BRIEF.
With the exception of the pictures, transcribe the entire listing exactly.

THE DATA.
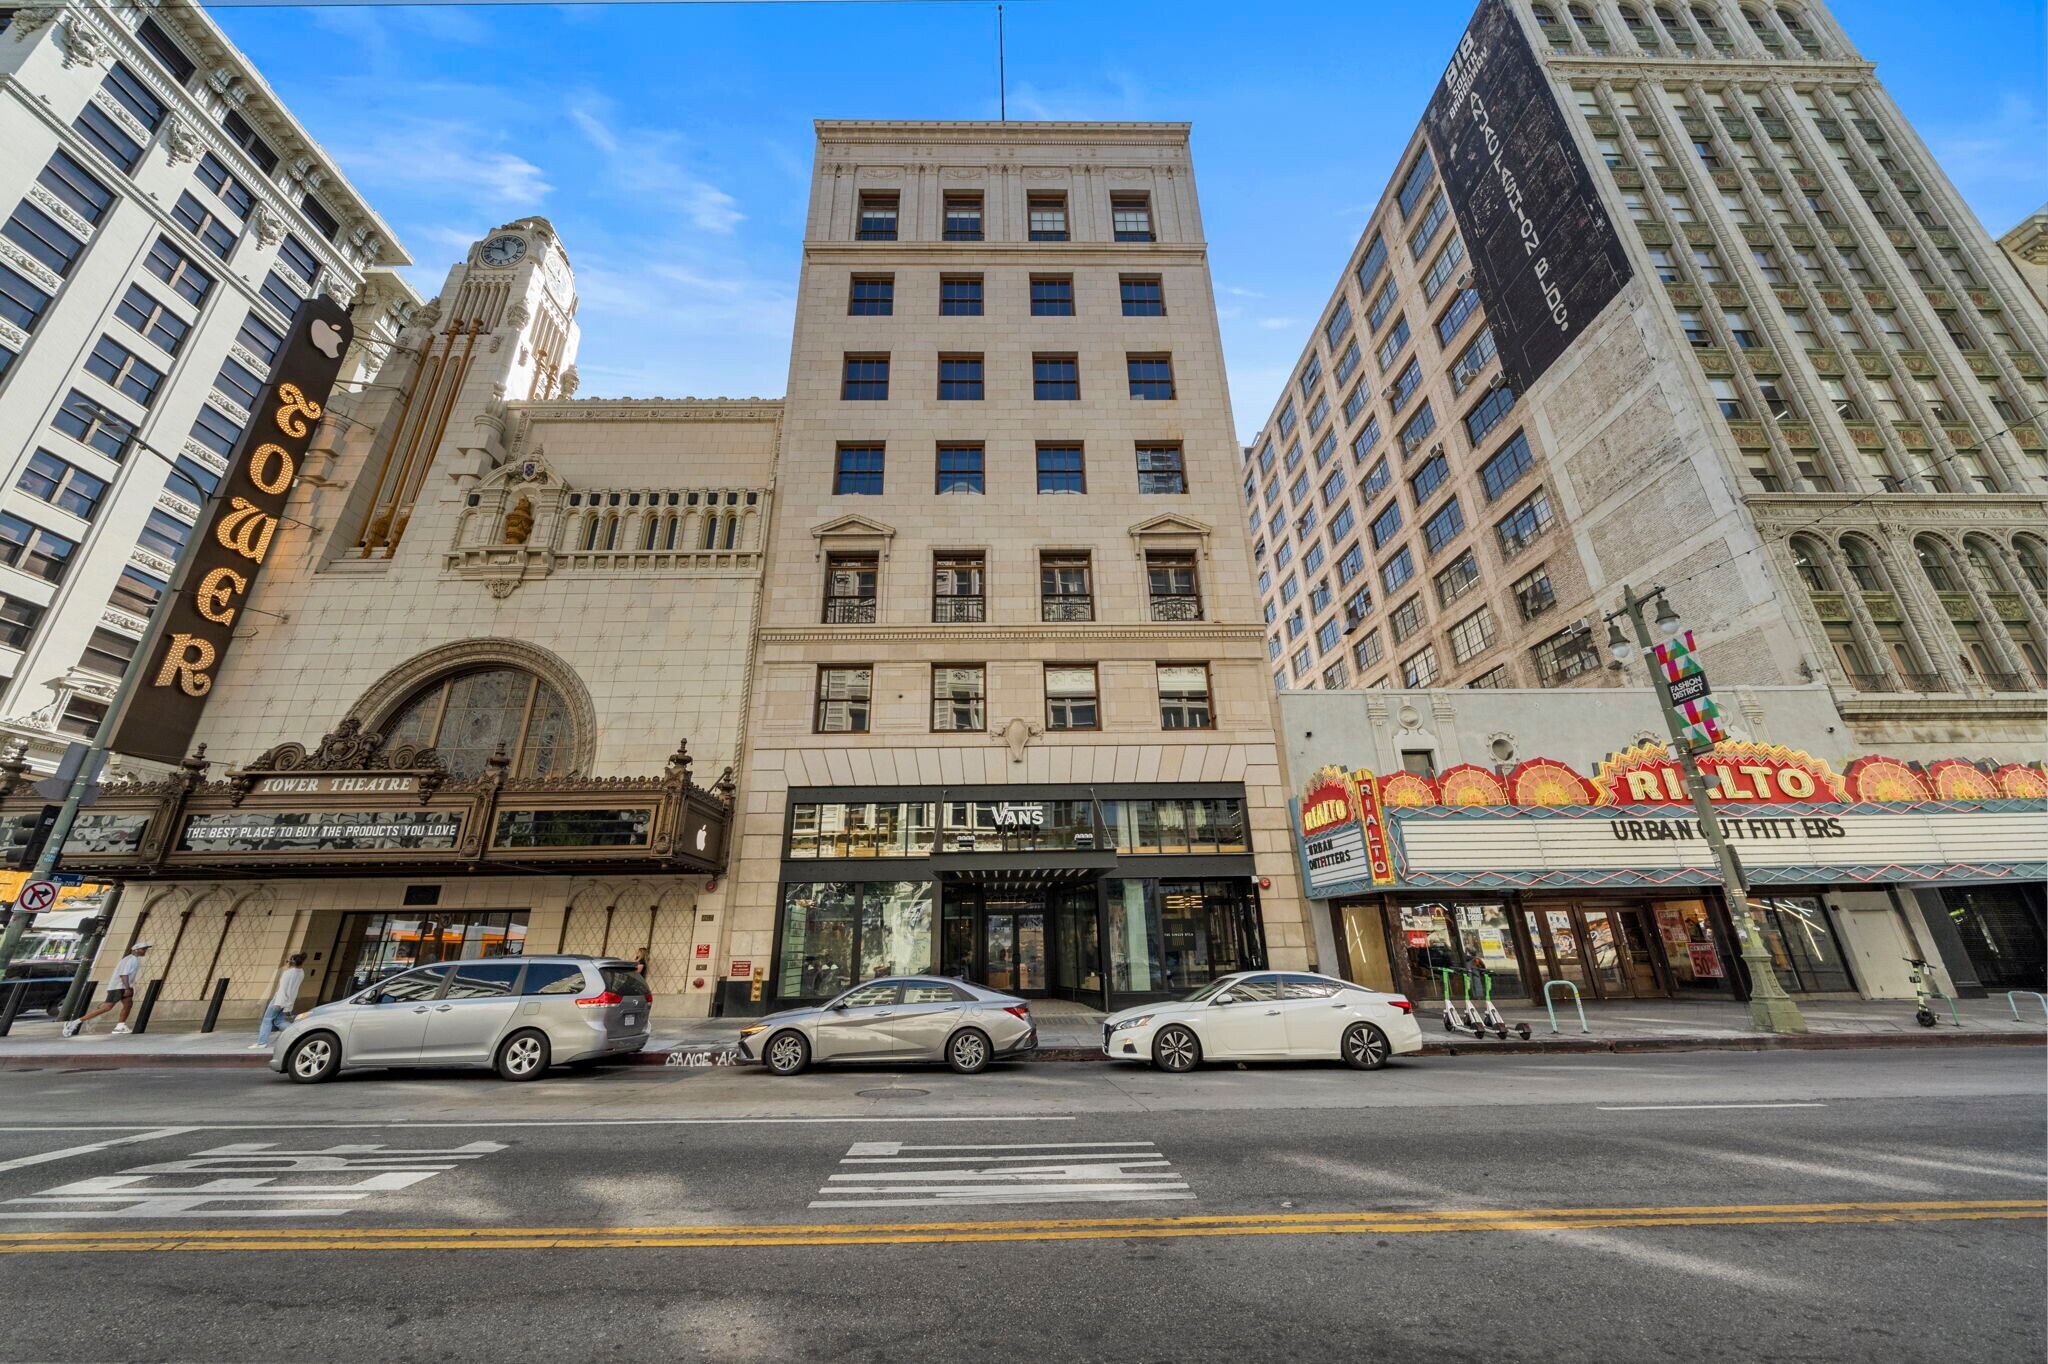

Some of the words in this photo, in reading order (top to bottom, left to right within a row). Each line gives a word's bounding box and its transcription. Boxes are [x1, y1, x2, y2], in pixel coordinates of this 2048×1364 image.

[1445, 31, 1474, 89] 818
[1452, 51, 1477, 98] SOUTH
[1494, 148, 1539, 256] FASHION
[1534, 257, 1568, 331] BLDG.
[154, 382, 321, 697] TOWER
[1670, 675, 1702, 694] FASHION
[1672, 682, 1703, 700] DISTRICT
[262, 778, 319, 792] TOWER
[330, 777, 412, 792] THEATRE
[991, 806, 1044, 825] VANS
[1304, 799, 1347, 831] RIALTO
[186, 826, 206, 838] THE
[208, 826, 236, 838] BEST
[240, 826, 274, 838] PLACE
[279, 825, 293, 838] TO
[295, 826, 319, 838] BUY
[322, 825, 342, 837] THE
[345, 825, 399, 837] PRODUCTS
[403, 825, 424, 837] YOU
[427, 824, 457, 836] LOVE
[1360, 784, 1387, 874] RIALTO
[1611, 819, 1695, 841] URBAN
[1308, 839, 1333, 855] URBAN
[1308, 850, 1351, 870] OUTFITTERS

RESPONSE TO THIS TASK.
Some of the words in this photo, in reading order (top to bottom, left to right within a row). Each line gives a word's bounding box and its transcription. Boxes are [x1, y1, x2, y2], in pixel coordinates of this 2048×1364 image.

[1445, 31, 1474, 89] 818
[1452, 51, 1477, 98] SOUTH
[1494, 148, 1539, 256] FASHION
[1534, 257, 1568, 331] BLDG.
[154, 382, 321, 697] TOWER
[1670, 675, 1702, 694] FASHION
[1672, 682, 1703, 700] DISTRICT
[262, 778, 319, 792] TOWER
[330, 777, 412, 792] THEATRE
[991, 806, 1044, 825] VANS
[1304, 799, 1347, 831] RIALTO
[186, 826, 206, 838] THE
[208, 826, 236, 838] BEST
[240, 826, 274, 838] PLACE
[279, 825, 293, 838] TO
[295, 826, 319, 838] BUY
[322, 825, 342, 837] THE
[345, 825, 399, 837] PRODUCTS
[403, 825, 424, 837] YOU
[427, 824, 457, 836] LOVE
[1360, 784, 1387, 874] RIALTO
[1611, 819, 1695, 841] URBAN
[1308, 839, 1333, 855] URBAN
[1308, 850, 1351, 870] OUTFITTERS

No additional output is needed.